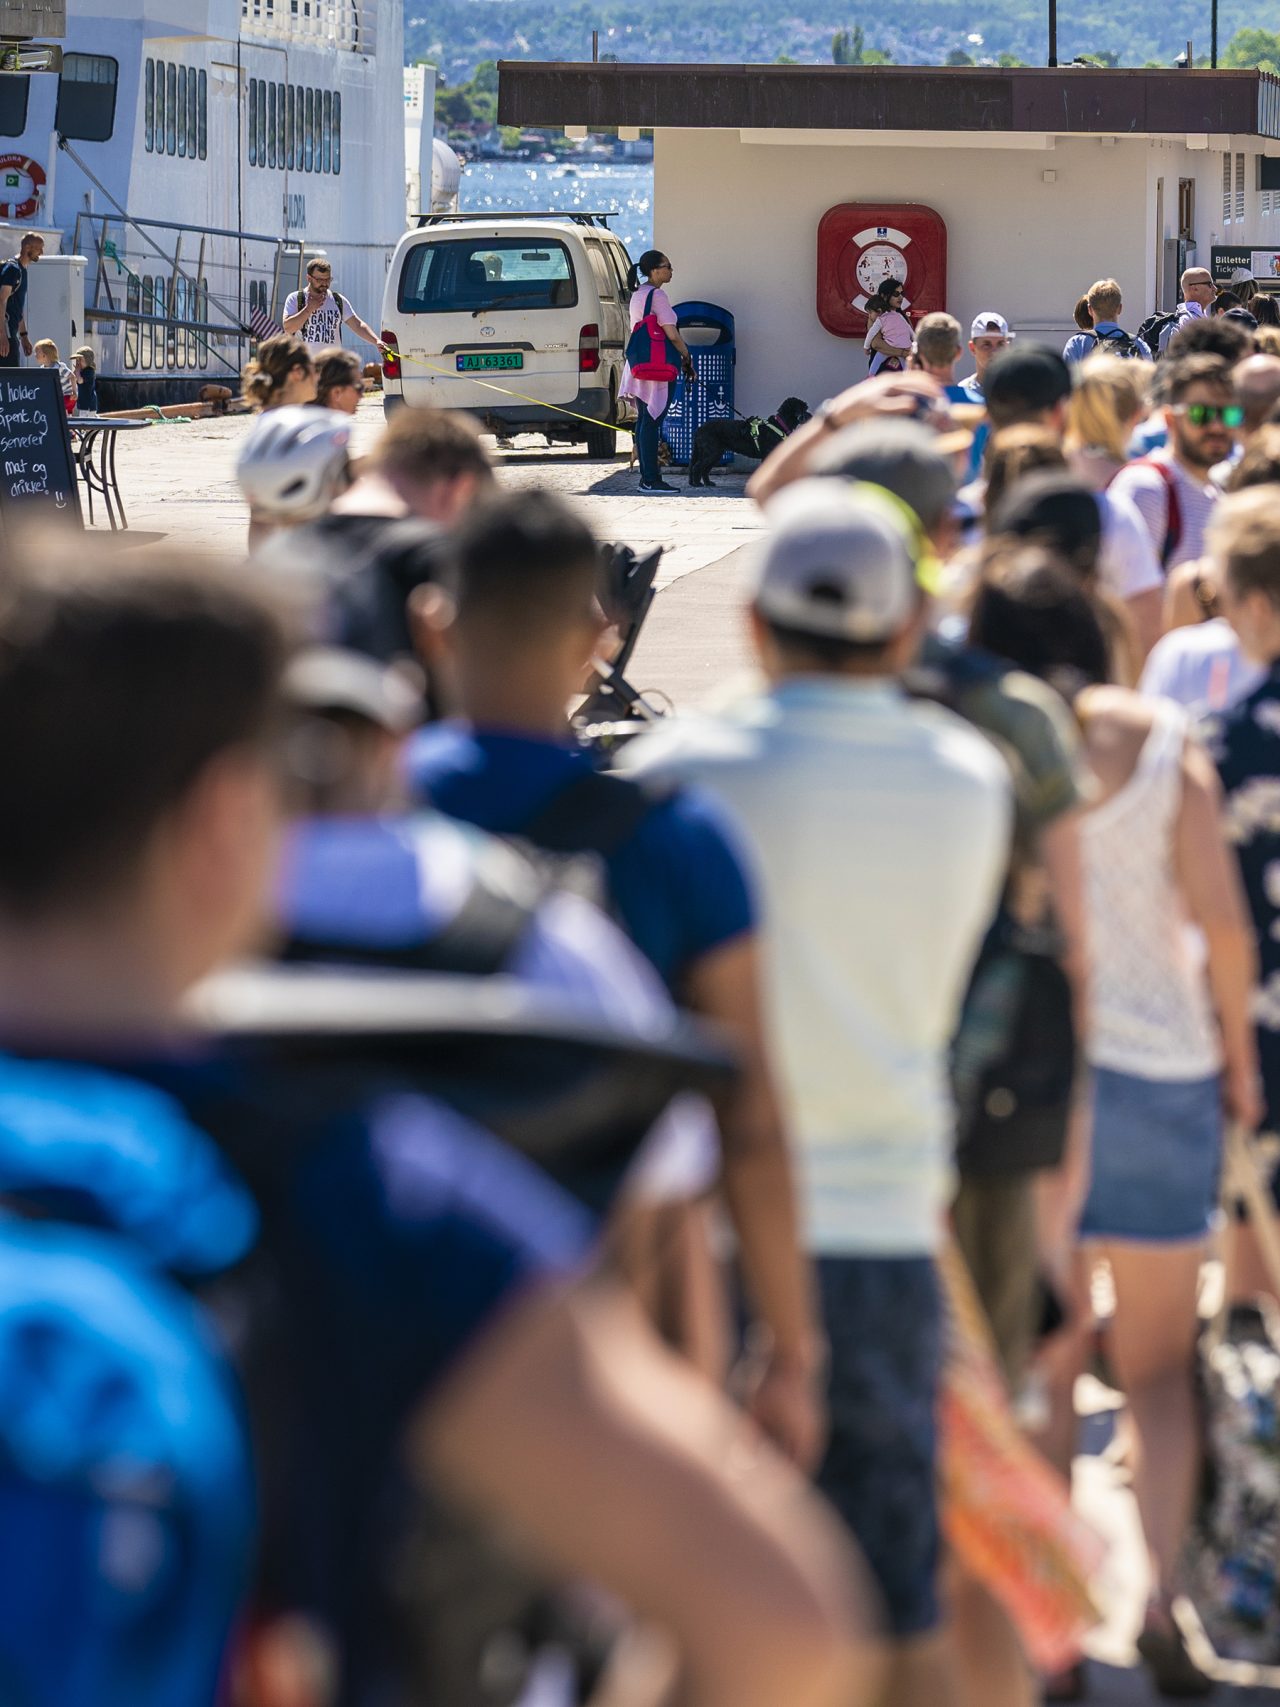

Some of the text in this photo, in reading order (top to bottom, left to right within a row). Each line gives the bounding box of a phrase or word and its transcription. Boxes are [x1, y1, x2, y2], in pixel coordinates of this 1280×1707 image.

[1215, 255, 1251, 264] Billetter
[485, 355, 518, 367] 63361
[7, 381, 40, 403] holder
[33, 410, 48, 434] Og
[32, 463, 48, 480] og
[11, 479, 49, 497] drikke!
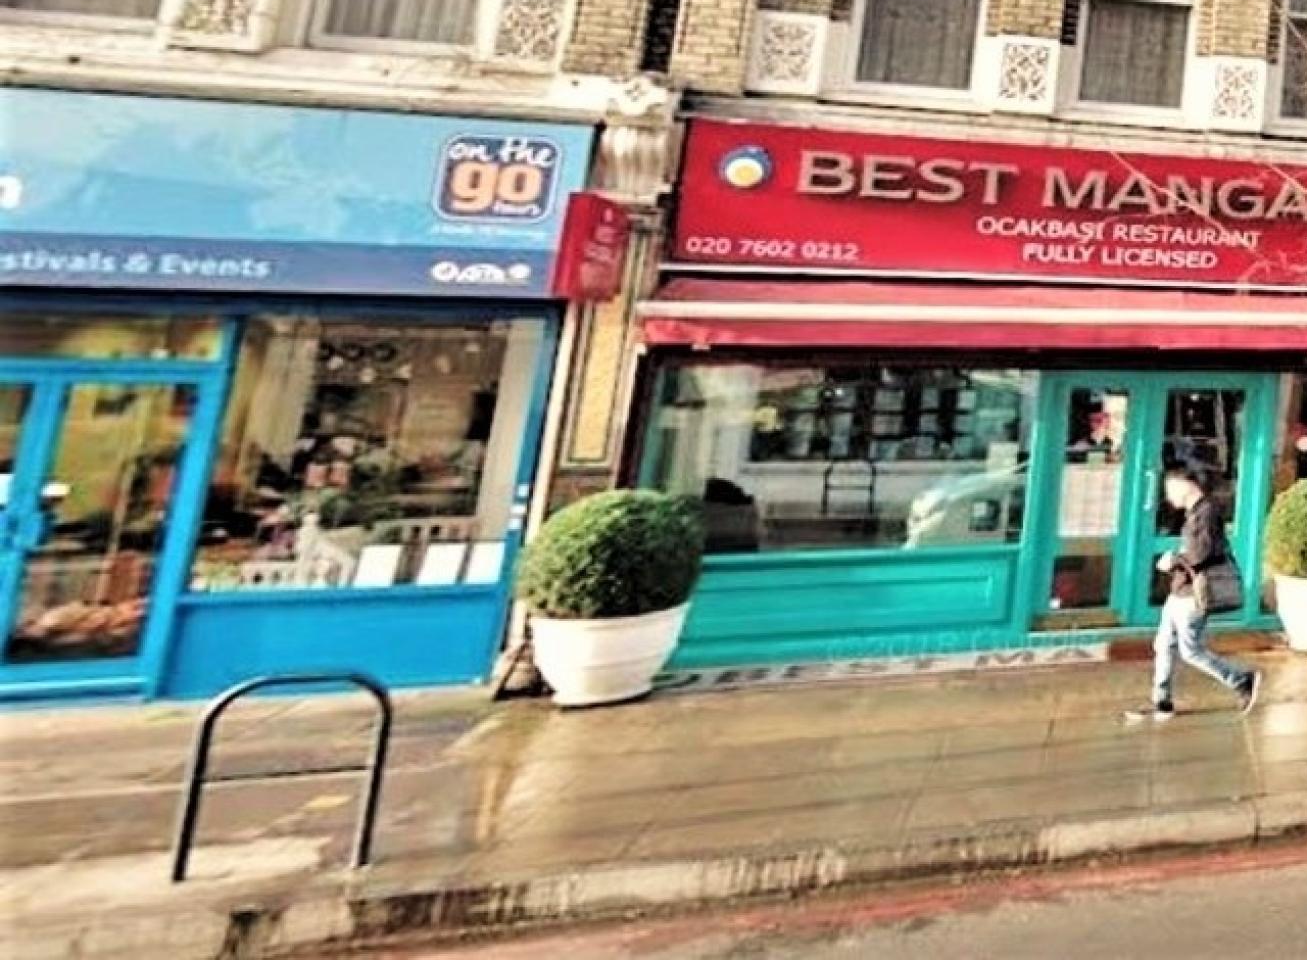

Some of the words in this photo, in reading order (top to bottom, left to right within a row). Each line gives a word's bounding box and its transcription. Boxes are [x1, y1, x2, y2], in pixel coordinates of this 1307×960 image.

[451, 160, 543, 213] go
[796, 150, 1018, 206] BEST
[685, 236, 732, 255] 020
[738, 238, 796, 258] 7602
[801, 241, 860, 261] 0212
[1112, 223, 1262, 248] RESTAURANT
[123, 252, 149, 273] &
[159, 252, 272, 278] Events
[1022, 242, 1095, 265] FULLY
[1102, 246, 1219, 269] LICENSED
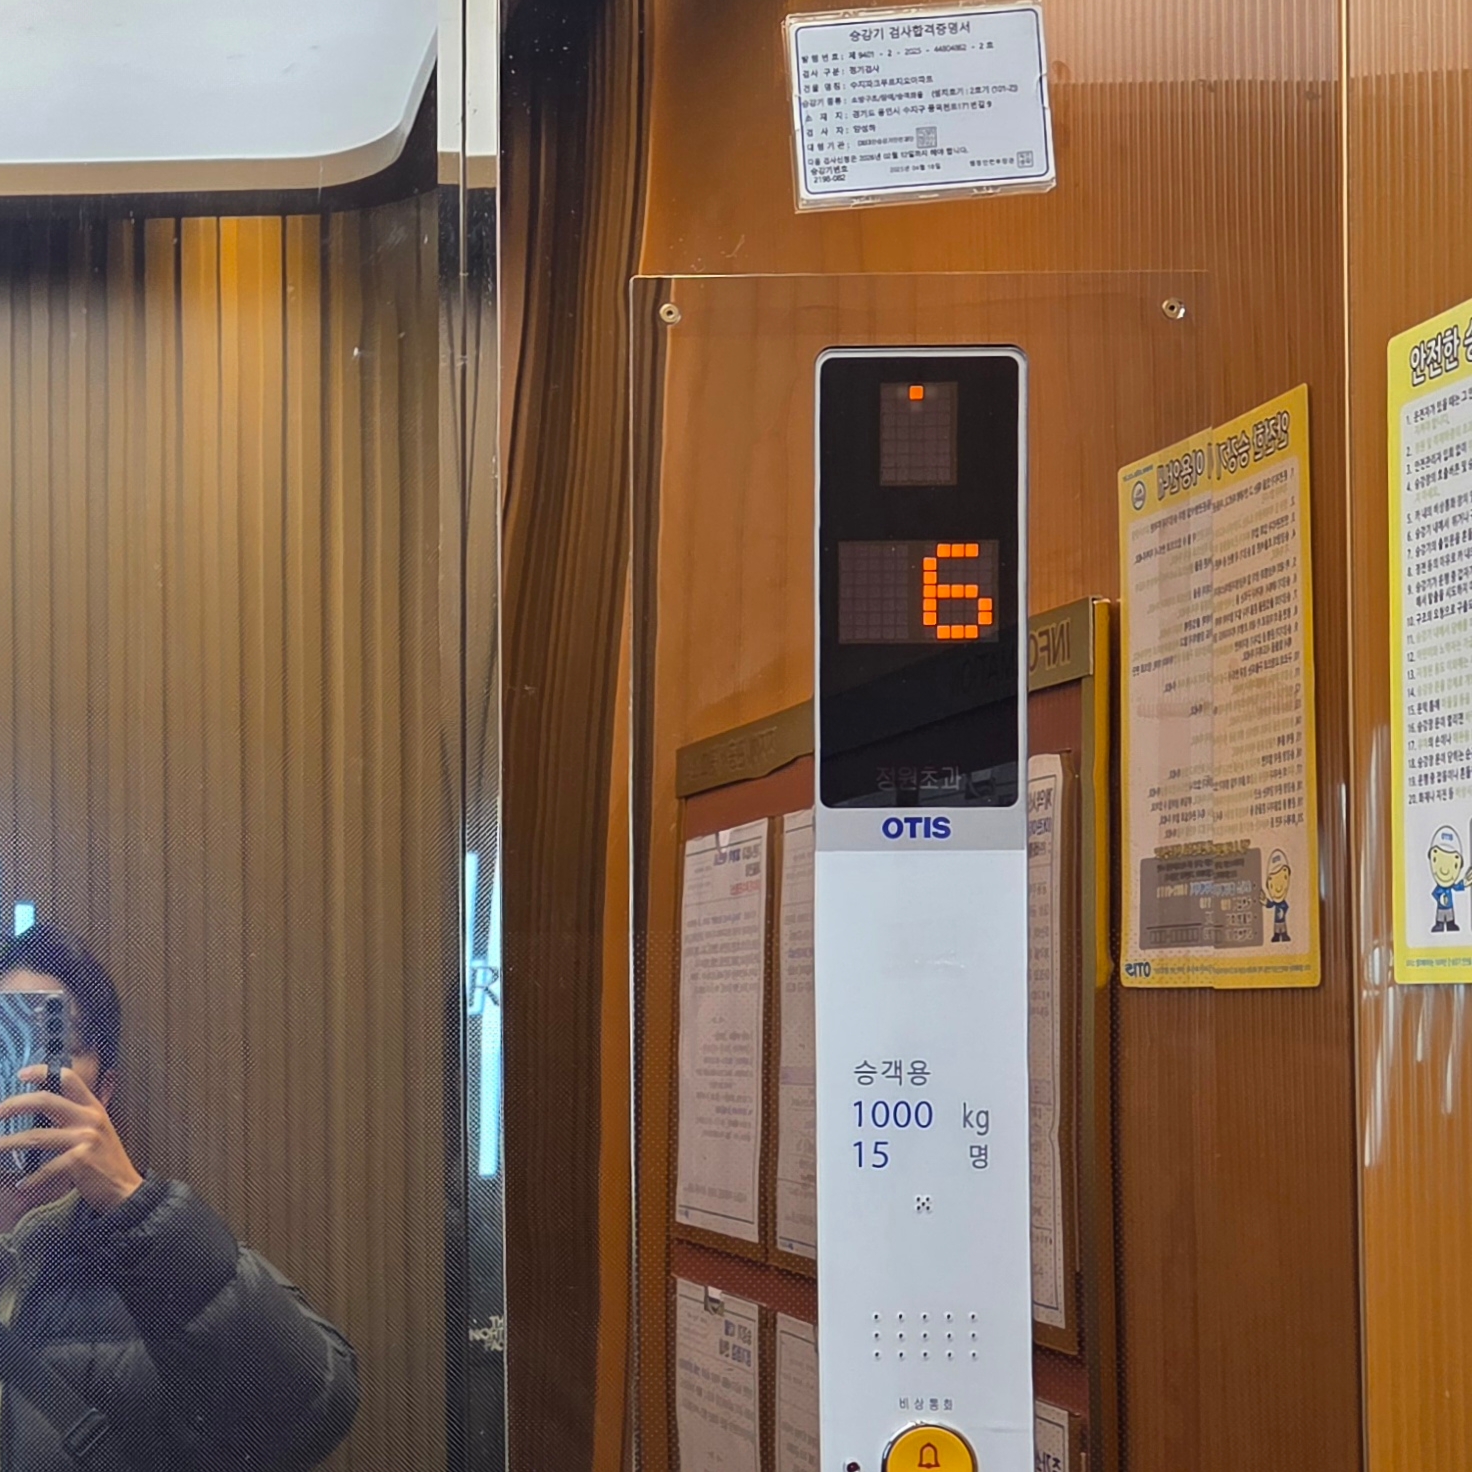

================

Exclude every picture and copy the remaining data exactly.

Some of the text in this photo, in reading order (top to bottom, left to right within a row). Each line gives the bounding box of a phrase or word and its transcription. Boxes are [x1, y1, x2, y2], in pixel coordinates of this 1280×1707 image.

[1215, 255, 1251, 264] Billetter
[485, 355, 518, 367] 63361
[7, 381, 40, 403] holder
[33, 410, 48, 434] Og
[32, 463, 48, 480] og
[11, 479, 49, 497] drikke!

Some of the words in this photo, in reading order (top to bottom, left to right within a row). Each line gives a word's bounding box and its transcription. Boxes are [x1, y1, x2, y2], in pixel coordinates of this 1307×960 image.

[451, 160, 543, 213] go
[796, 150, 1018, 206] BEST
[685, 236, 732, 255] 020
[738, 238, 796, 258] 7602
[801, 241, 860, 261] 0212
[1112, 223, 1262, 248] RESTAURANT
[123, 252, 149, 273] &
[159, 252, 272, 278] Events
[1022, 242, 1095, 265] FULLY
[1102, 246, 1219, 269] LICENSED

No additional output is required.